E N T R E V I S T A  
J A N E  D O U G L A S
Where and when were you born?
I was born 25 June 1962 in Detroit, Michigan.

Where did you grow up?
I grew up in what is now a suburb of Detroit, a place called Farmington
When I first moved there, it was very rural with dirt roads and wells. Now,
it's a city that's very developed and suburban.

Where do you live now?
I live in a place called Morriston, Florida, a tiny little town that doesn't
even have a traffic light, only a post office. I have a small farm where I
keep horses.

What did you study?
I got my first two degrees in English from the University of Michigan. My BA
degree was in English Language and Literature. My MA degree was in English,
too, but I mainly studied cinema and literary theory. I got my PhD from New
York University, where I studied a whole bunch of things--cinema studies,
aesthetics and education, before I ended up getting my doctorate in English
and Education.

What do you do now?
I'm an associate professor at the University of Florida, where I am one of
the directors of a campus-wide writing program. I supervise 68 teachers who
teach first-year college composition, plus professional communication
courses for students in business and engineering. I also teach a course for
faculty and physicians in the College of Medicine.

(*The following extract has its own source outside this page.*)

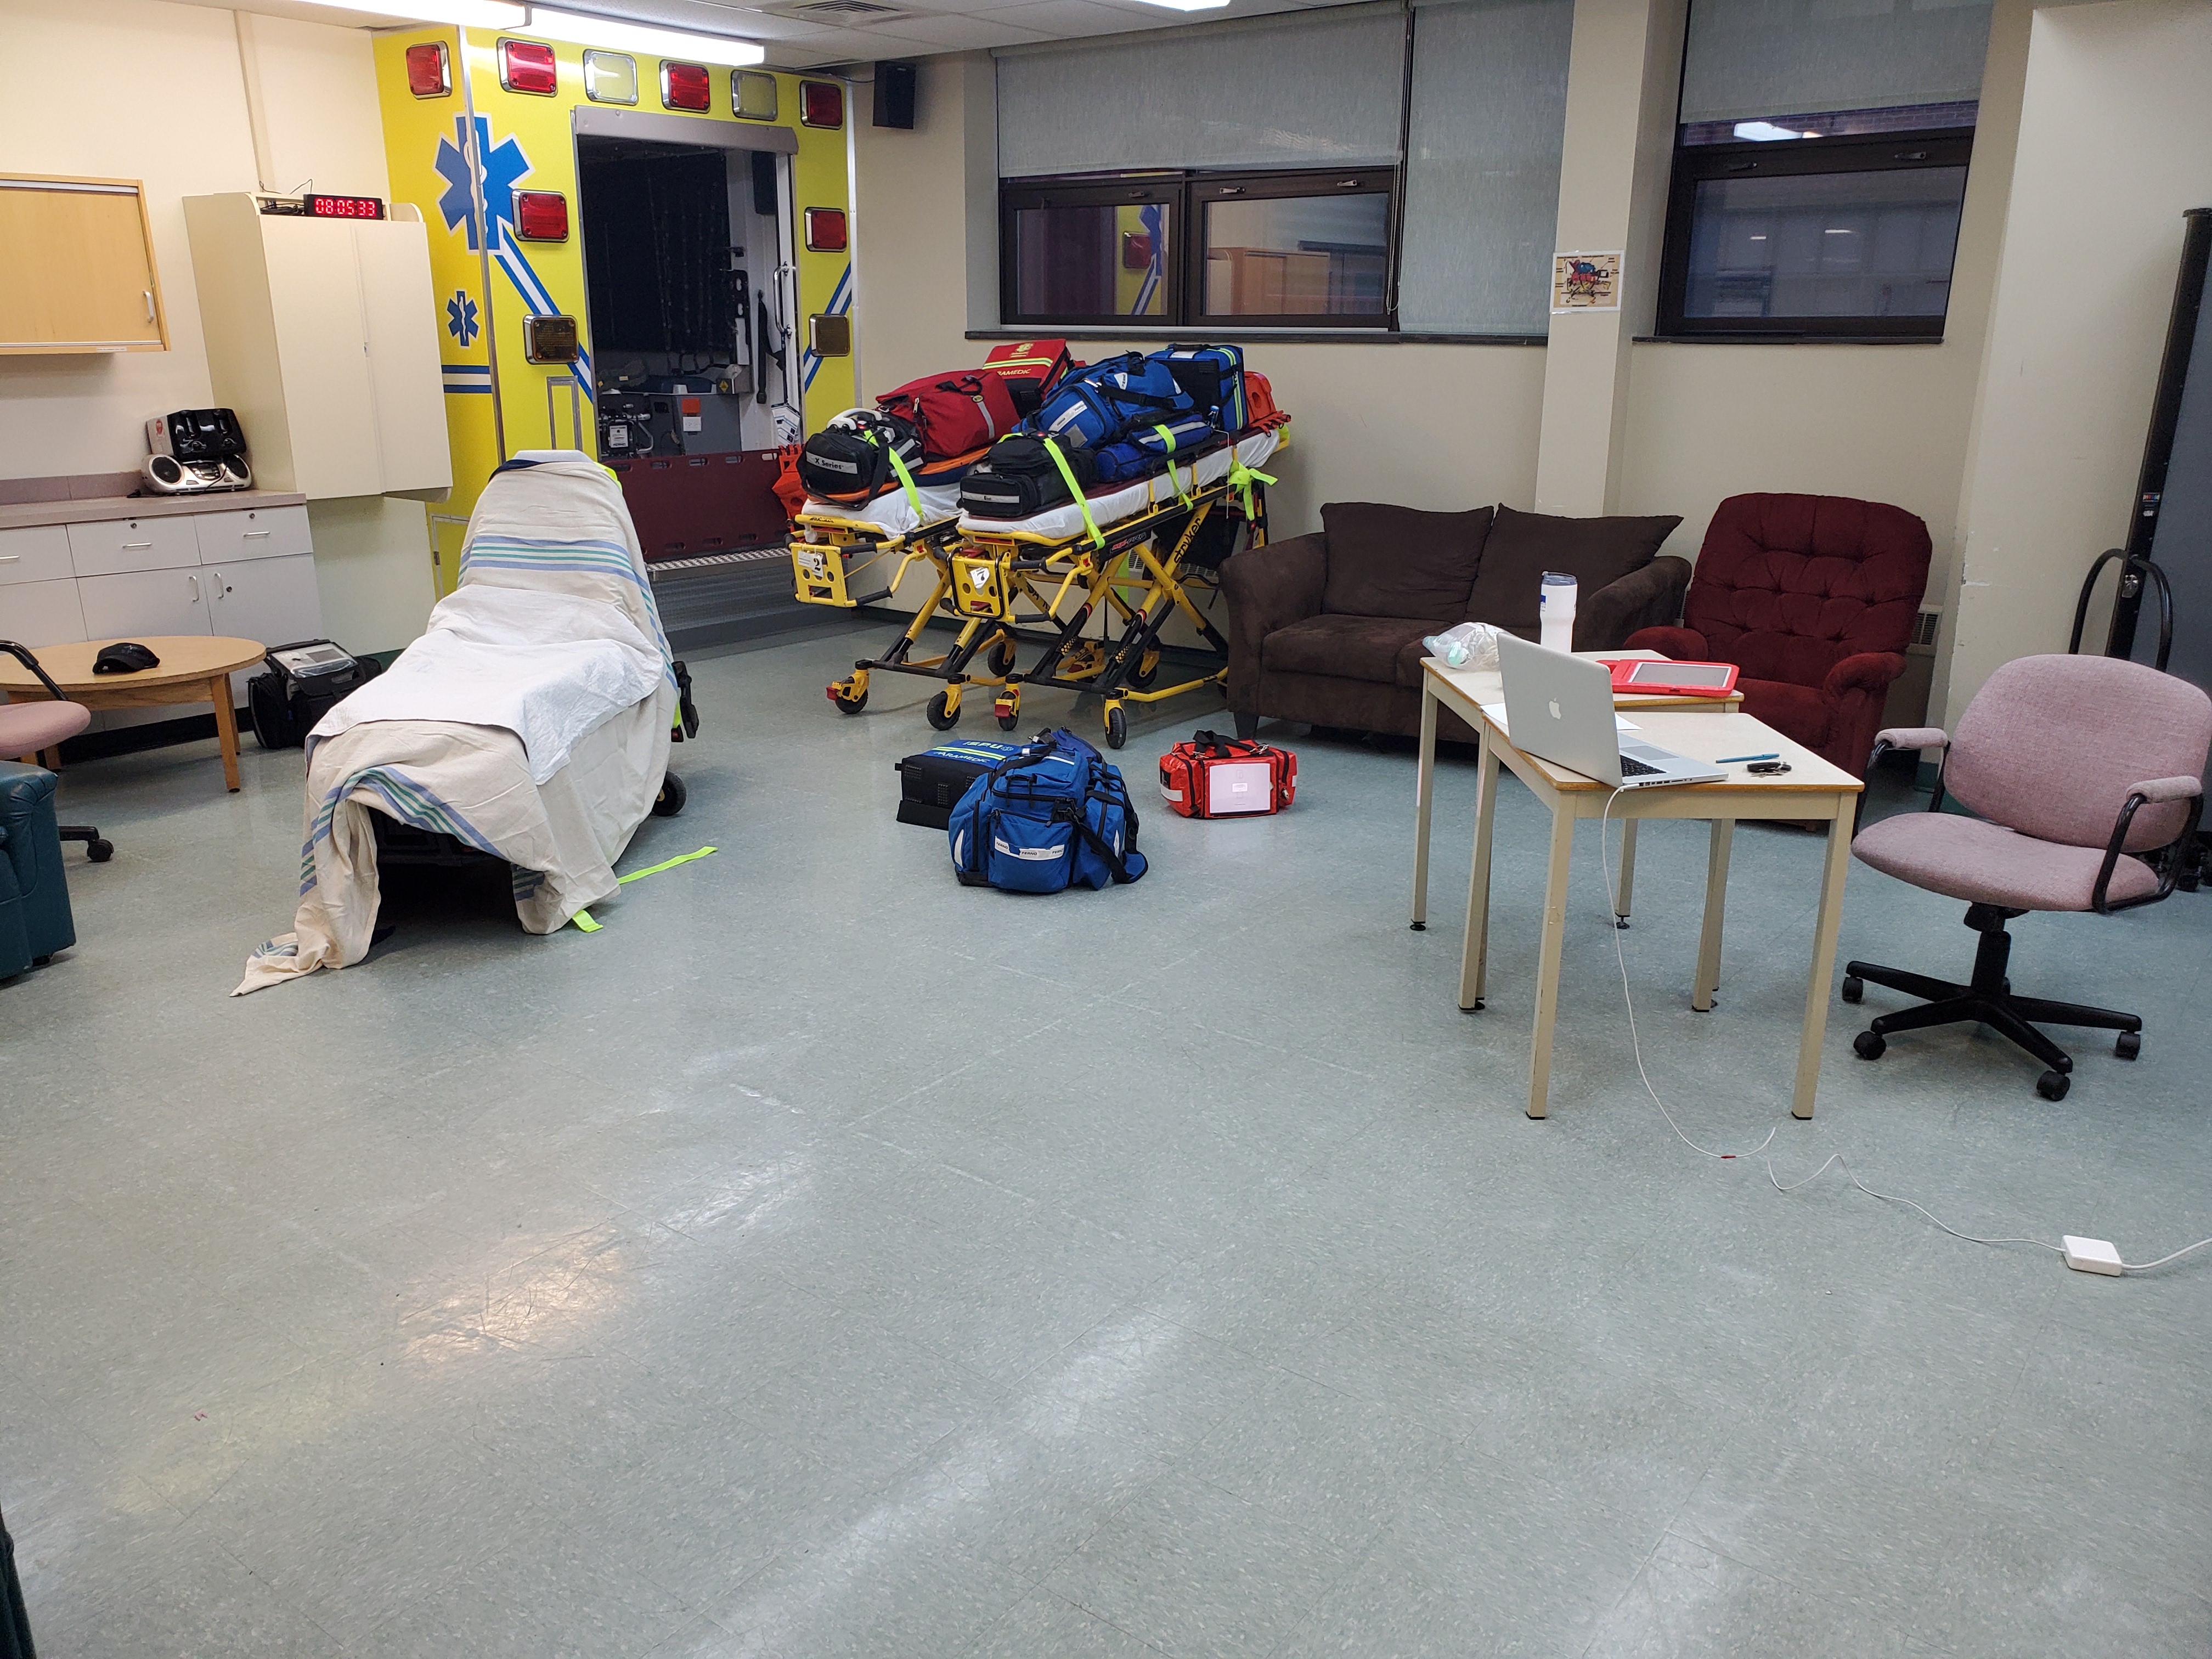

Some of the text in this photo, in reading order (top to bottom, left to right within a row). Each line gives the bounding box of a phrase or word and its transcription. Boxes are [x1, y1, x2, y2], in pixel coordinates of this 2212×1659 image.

[315, 198, 376, 216] 08:05:33
[822, 460, 842, 469] Series
[1173, 517, 1201, 563] stryker
[813, 558, 821, 571] 2

Where have you worked throughout you life?
Ah, a good question--I've had a ton of different jobs. I worked as a ghost
writer on a book, as a dark room technician, developing pictures. I also
worked as a publisher's production assistant and as a consultant for law
firms. I then worked as a copywriter in advertising for eleven years for an
advertising agency in London, although we later set up branches in New York
and Philadelphia. I also worked as a sociologist at Brunel University in
London, then as the director of a program in professional writing at the
City University of New York, where I was also an assistant professor. Then I
became the director of a program for writing in the disciplines at the
University of Florida, then associate professor of English. I also worked
for four years in a health club and I owned a large Thoroughbred horse farm.

What are your future plans?
I'm working on three books at the moment: two on using methods from
cognitive psychology to teach people how to write well, one that's a novel.
I also finished a novel last year that I'm trying to get
published--difficult in the US market, where there's lots of competition!

What are your hobbies?
Running, biking, weight-lifting, pets, reading, swimming, and writing.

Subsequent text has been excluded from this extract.